**BRIEF**
Once you reach the line containing "this 1765×1496 image.", return it and every line after it exactly, through the end of the records below, with no pictures.

**Items from a dataset**
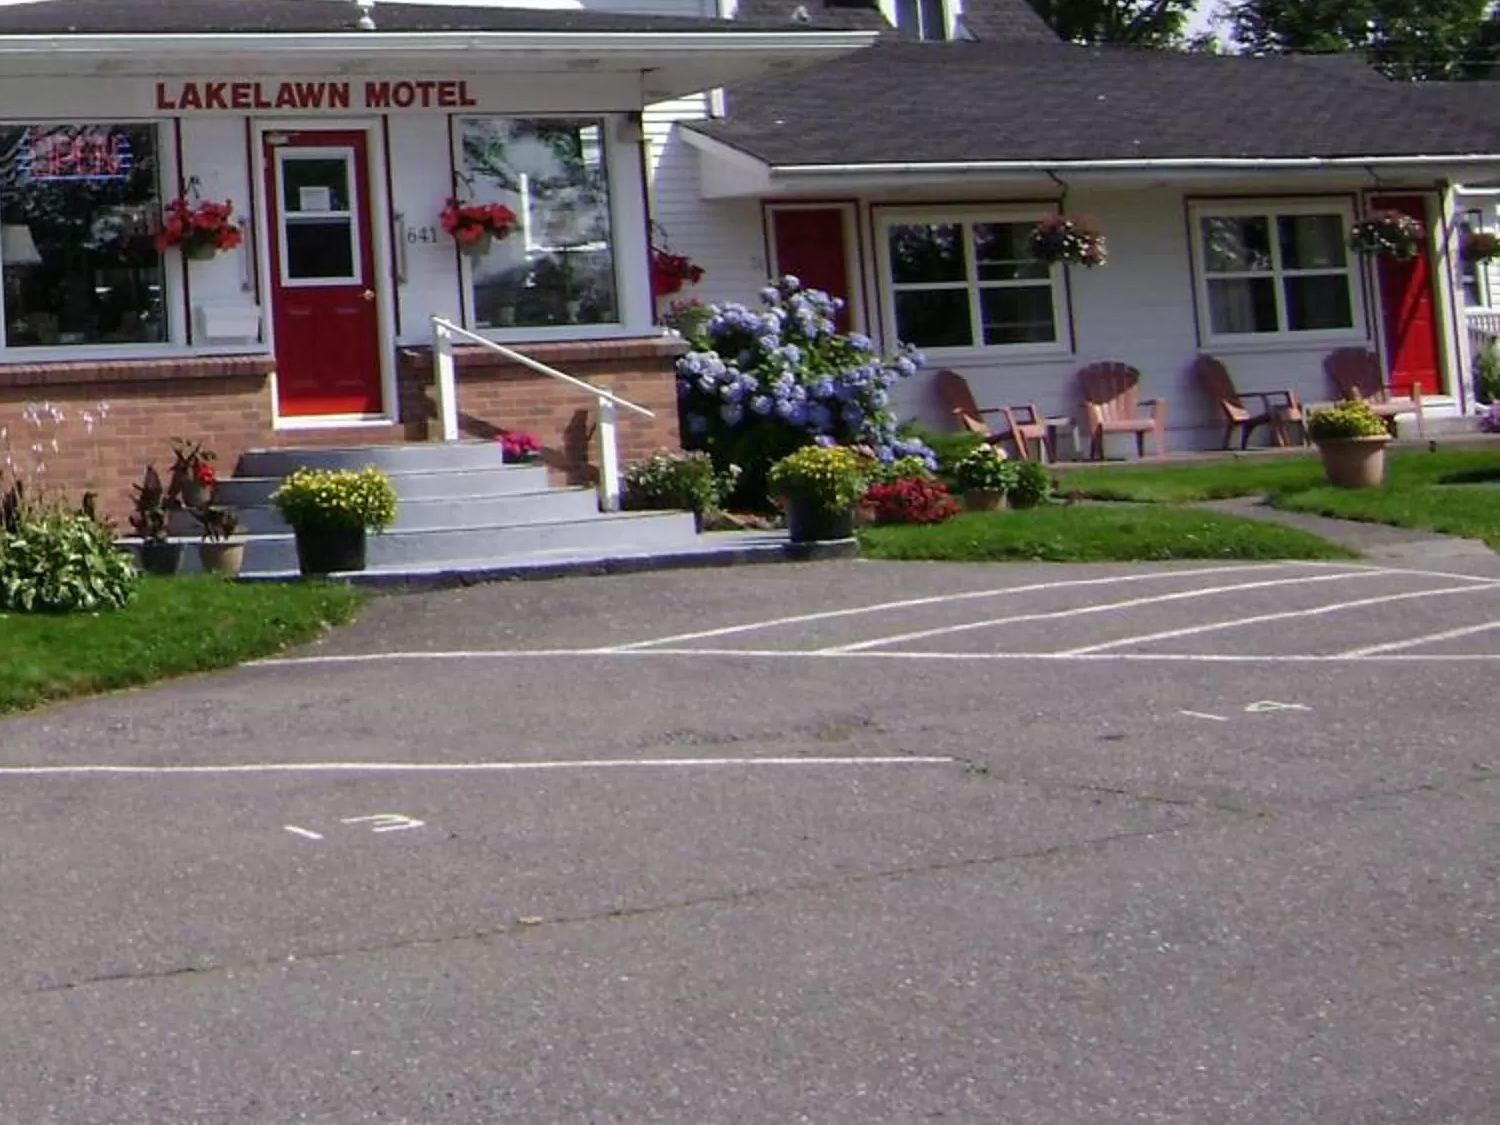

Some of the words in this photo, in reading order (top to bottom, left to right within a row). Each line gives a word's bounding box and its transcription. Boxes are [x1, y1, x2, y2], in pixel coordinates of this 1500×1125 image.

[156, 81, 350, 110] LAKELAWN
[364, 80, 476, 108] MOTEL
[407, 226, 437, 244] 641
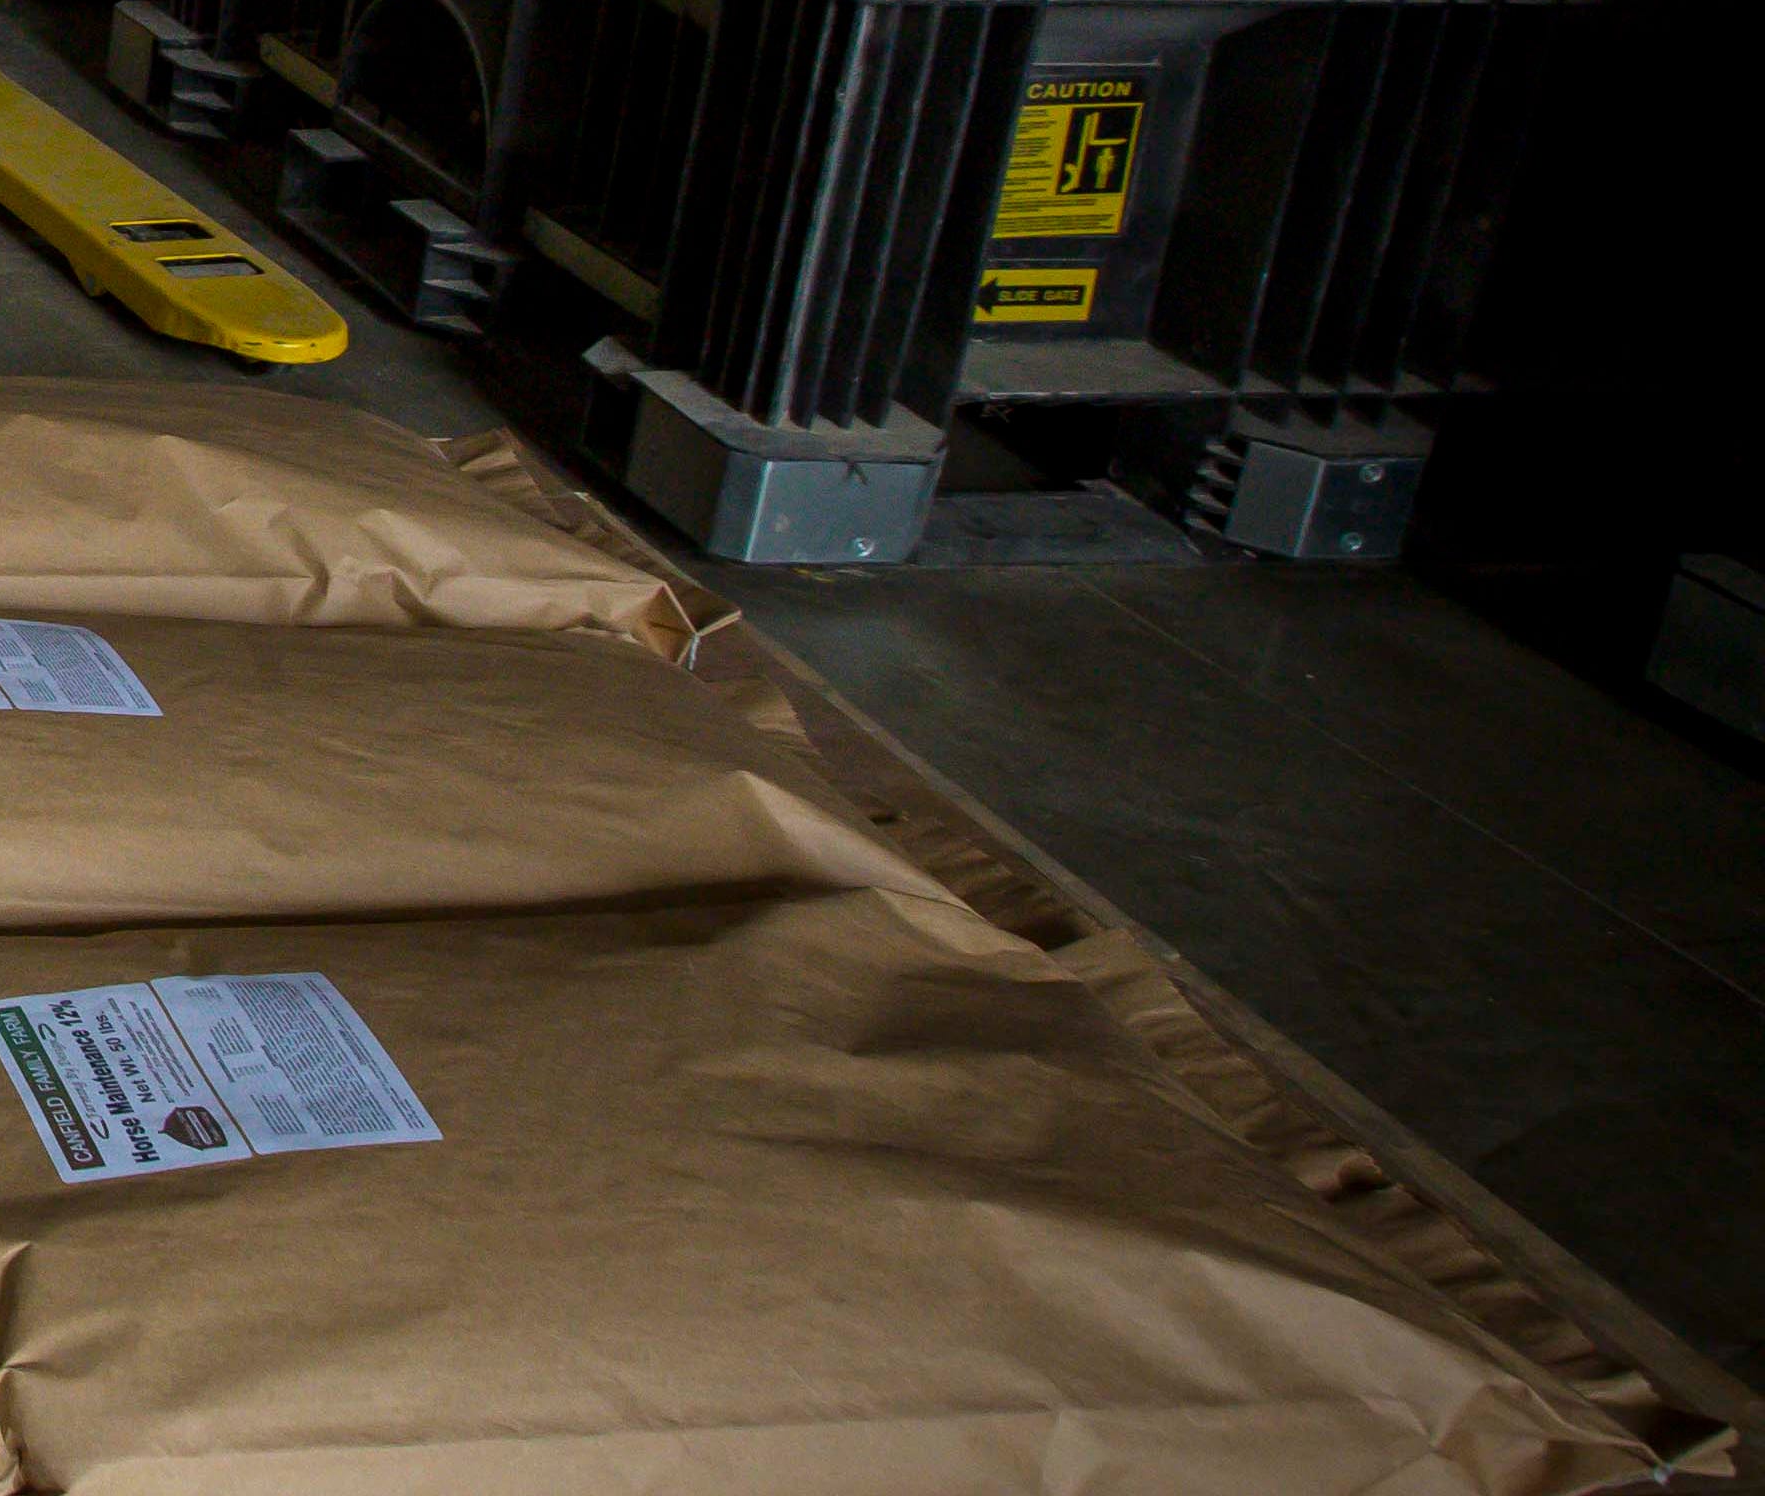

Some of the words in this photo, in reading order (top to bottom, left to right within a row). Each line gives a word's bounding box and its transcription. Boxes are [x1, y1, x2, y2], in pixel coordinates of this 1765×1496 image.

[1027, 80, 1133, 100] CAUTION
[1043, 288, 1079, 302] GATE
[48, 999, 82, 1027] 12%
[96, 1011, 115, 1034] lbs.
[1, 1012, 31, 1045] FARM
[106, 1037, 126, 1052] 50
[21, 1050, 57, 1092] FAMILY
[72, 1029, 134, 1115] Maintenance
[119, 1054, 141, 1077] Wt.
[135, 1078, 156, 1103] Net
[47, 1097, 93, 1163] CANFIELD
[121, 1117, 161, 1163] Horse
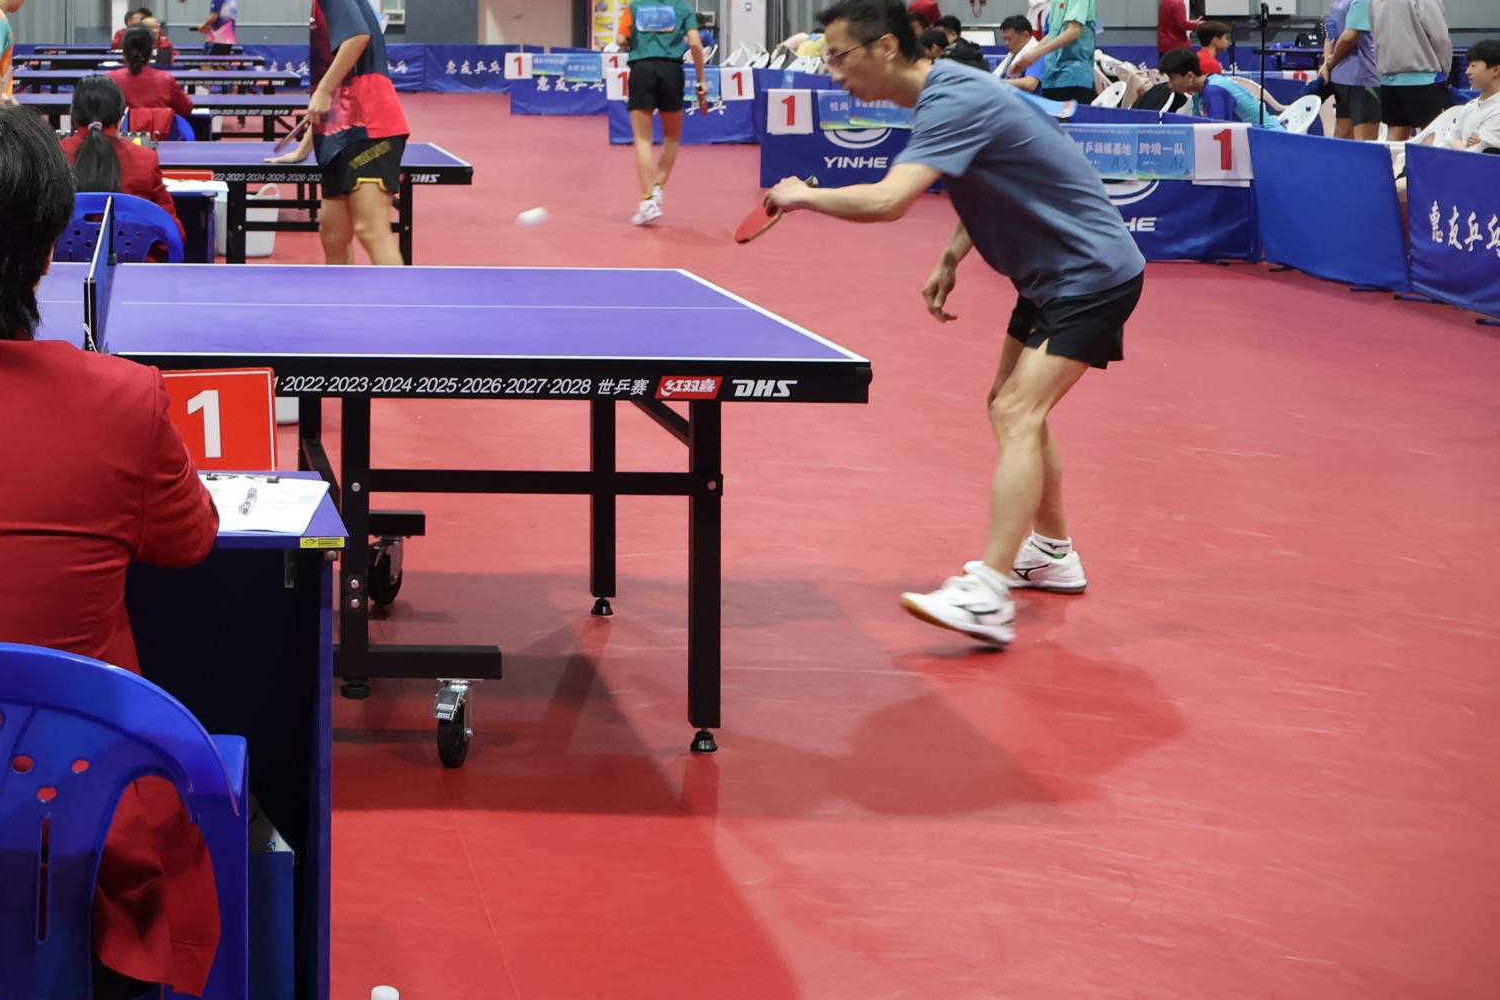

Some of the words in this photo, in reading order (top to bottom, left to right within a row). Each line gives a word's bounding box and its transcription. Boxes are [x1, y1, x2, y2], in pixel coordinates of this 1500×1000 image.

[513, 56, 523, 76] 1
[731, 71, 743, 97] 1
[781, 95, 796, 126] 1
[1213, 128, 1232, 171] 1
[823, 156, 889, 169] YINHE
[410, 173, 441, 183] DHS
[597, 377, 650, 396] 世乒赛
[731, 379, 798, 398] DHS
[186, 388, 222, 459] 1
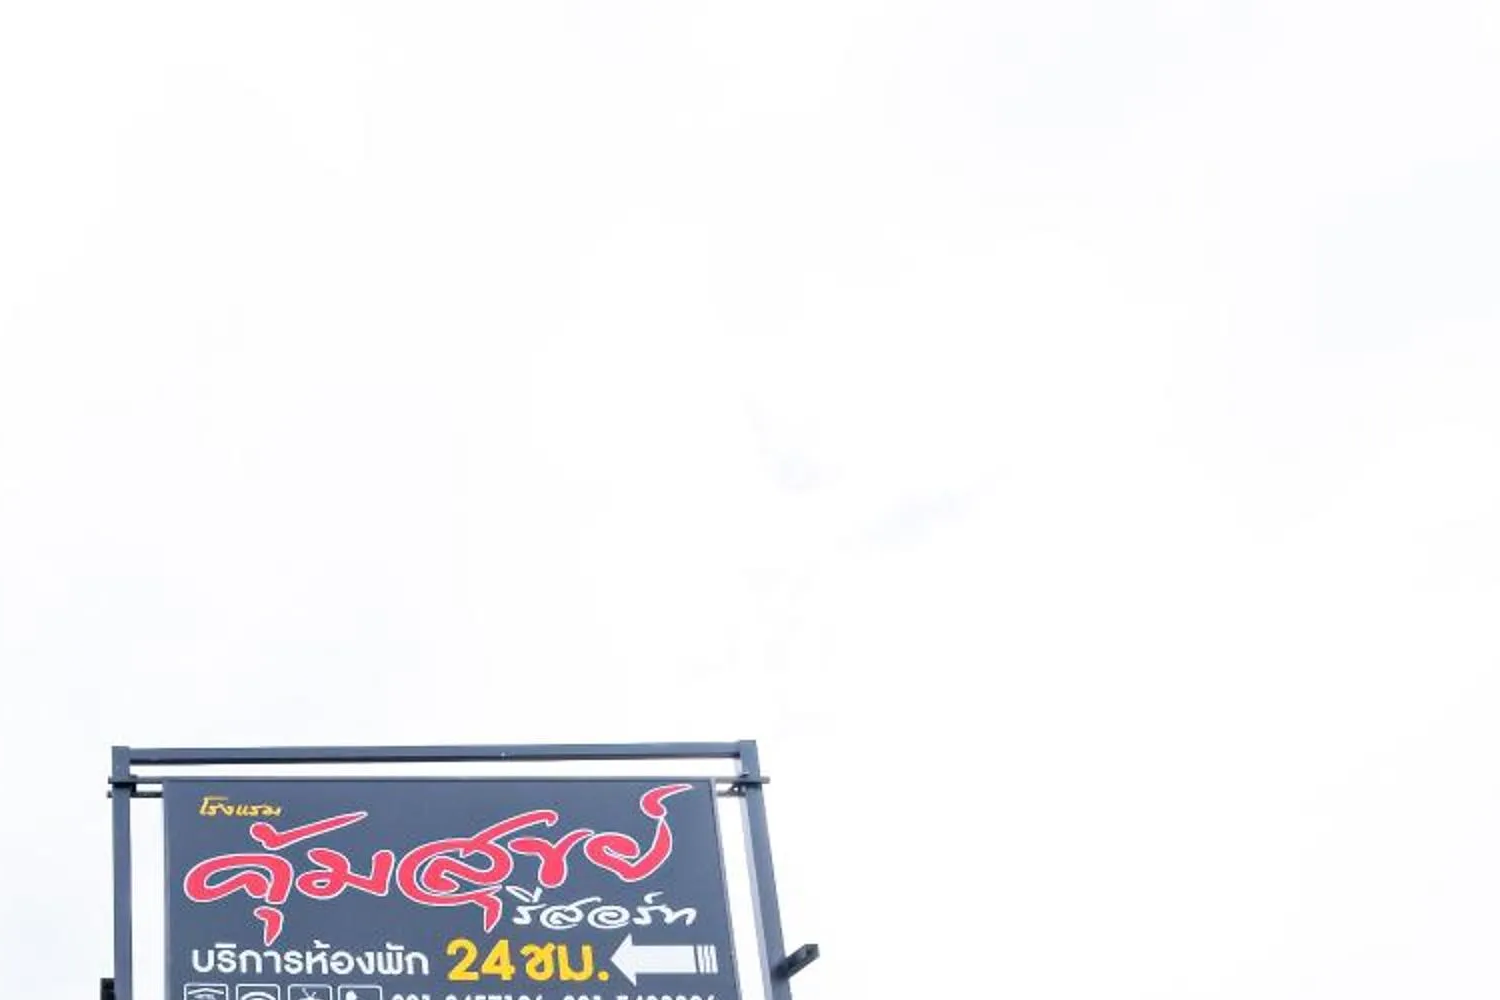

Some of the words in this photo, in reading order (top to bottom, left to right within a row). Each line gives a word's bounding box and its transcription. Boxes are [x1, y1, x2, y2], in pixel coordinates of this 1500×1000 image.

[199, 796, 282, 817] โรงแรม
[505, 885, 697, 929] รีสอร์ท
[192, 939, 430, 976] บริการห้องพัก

**SOLUTION TO THIS TASK**
Some of the words in this photo, in reading order (top to bottom, left to right within a row). Each line gives a word's bounding box and its transcription. Boxes are [x1, y1, x2, y2], in pixel coordinates of this 1765×1496 image.

[1027, 80, 1133, 100] CAUTION
[1043, 288, 1079, 302] GATE
[48, 999, 82, 1027] 12%
[96, 1011, 115, 1034] lbs.
[1, 1012, 31, 1045] FARM
[106, 1037, 126, 1052] 50
[21, 1050, 57, 1092] FAMILY
[72, 1029, 134, 1115] Maintenance
[119, 1054, 141, 1077] Wt.
[135, 1078, 156, 1103] Net
[47, 1097, 93, 1163] CANFIELD
[121, 1117, 161, 1163] Horse

Some of the words in this photo, in reading order (top to bottom, left to right within a row). Each line gives a word's bounding box and its transcription. Boxes are [x1, y1, x2, y2], in pixel coordinates of this 1500×1000 image.

[513, 56, 523, 76] 1
[731, 71, 743, 97] 1
[781, 95, 796, 126] 1
[1213, 128, 1232, 171] 1
[823, 156, 889, 169] YINHE
[410, 173, 441, 183] DHS
[597, 377, 650, 396] 世乒赛
[731, 379, 798, 398] DHS
[186, 388, 222, 459] 1

Some of the words in this photo, in reading order (top to bottom, left to right within a row). Each line gives a word's bounding box and its transcription. Boxes are [x1, y1, x2, y2], in pixel coordinates of this 1500×1000 image.

[199, 796, 282, 817] โรงแรม
[505, 885, 697, 929] รีสอร์ท
[192, 939, 430, 976] บริการห้องพัก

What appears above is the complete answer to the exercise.